Outstanding Coordinated Care
We pinpoint the underlying cause of your asthma symptoms and work with specialists throughout Duke to manage the conditions that may contribute to poor asthma control. That includes ear, nose, and throat specialists if your asthma is worsened by chronic sinusitis, allergists and immunologists if you have allergic rhinitis or immune deficiency, and sleep disorder experts if you have sleep apnea. We ensure you receive the best care across all of the appropriate specialties.

Personalized Approach to Asthma Care
The underlying cause of asthma can be different in each individual. We use advanced techniques to identify what type of inflammation you have in your lungs and tailor your treatment to your needs. We also give you access to omalizumab (Xolair) -- a targeted therapy for severe asthma that's only available at specialized centers like ours.
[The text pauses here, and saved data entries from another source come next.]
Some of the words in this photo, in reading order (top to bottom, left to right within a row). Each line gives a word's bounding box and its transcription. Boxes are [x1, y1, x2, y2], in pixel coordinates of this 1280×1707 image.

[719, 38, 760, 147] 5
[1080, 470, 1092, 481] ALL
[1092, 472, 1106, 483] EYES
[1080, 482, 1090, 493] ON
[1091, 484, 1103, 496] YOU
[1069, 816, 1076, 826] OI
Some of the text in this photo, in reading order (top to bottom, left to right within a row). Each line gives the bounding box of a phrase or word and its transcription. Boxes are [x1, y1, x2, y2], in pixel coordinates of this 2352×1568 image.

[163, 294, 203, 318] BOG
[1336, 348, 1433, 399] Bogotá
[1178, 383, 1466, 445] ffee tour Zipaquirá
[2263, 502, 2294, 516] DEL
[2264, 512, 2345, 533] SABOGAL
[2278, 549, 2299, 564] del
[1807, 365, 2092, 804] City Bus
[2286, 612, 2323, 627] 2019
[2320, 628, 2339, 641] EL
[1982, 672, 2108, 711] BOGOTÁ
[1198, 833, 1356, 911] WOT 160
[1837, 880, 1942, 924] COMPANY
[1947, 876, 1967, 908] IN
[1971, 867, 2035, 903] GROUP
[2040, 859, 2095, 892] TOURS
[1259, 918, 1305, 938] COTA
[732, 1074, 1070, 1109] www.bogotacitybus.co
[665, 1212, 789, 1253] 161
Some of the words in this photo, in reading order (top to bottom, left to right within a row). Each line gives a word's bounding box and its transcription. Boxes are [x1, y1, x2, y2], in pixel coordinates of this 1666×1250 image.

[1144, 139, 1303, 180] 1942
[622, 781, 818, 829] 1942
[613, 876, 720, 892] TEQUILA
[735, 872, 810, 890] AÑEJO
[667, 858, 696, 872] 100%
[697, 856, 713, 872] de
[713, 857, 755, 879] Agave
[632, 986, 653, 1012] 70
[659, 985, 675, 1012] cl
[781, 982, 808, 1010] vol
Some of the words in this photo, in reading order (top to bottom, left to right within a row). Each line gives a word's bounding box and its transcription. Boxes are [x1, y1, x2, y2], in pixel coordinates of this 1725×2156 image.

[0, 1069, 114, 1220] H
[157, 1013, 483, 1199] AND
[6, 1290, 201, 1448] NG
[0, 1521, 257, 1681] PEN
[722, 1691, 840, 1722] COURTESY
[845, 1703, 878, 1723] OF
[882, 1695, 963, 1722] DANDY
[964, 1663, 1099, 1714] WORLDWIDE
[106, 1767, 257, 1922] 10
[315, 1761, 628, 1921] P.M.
Leaders in Advancing Asthma Care
We were involved in the clinical trials that led to FDA approval of thermal bronchial thermoplasty to treat severe persistent asthma. We were one of the first centers in North Carolina to offer this technology.

Access to Clinical Trials
You may be eligible to participate in our clinical trials, which test new medications and therapies. We also study asthma at the cellular level in order to individualize treatments.

Best Hospital for Pulmonology and Lung Surgery in NC
When it comes to your care, you want the very best. Duke University Hospital's nationally ranked pulmonology and lung surgery program was named best in North Carolina by U.S. News & World Report for 2019–2020.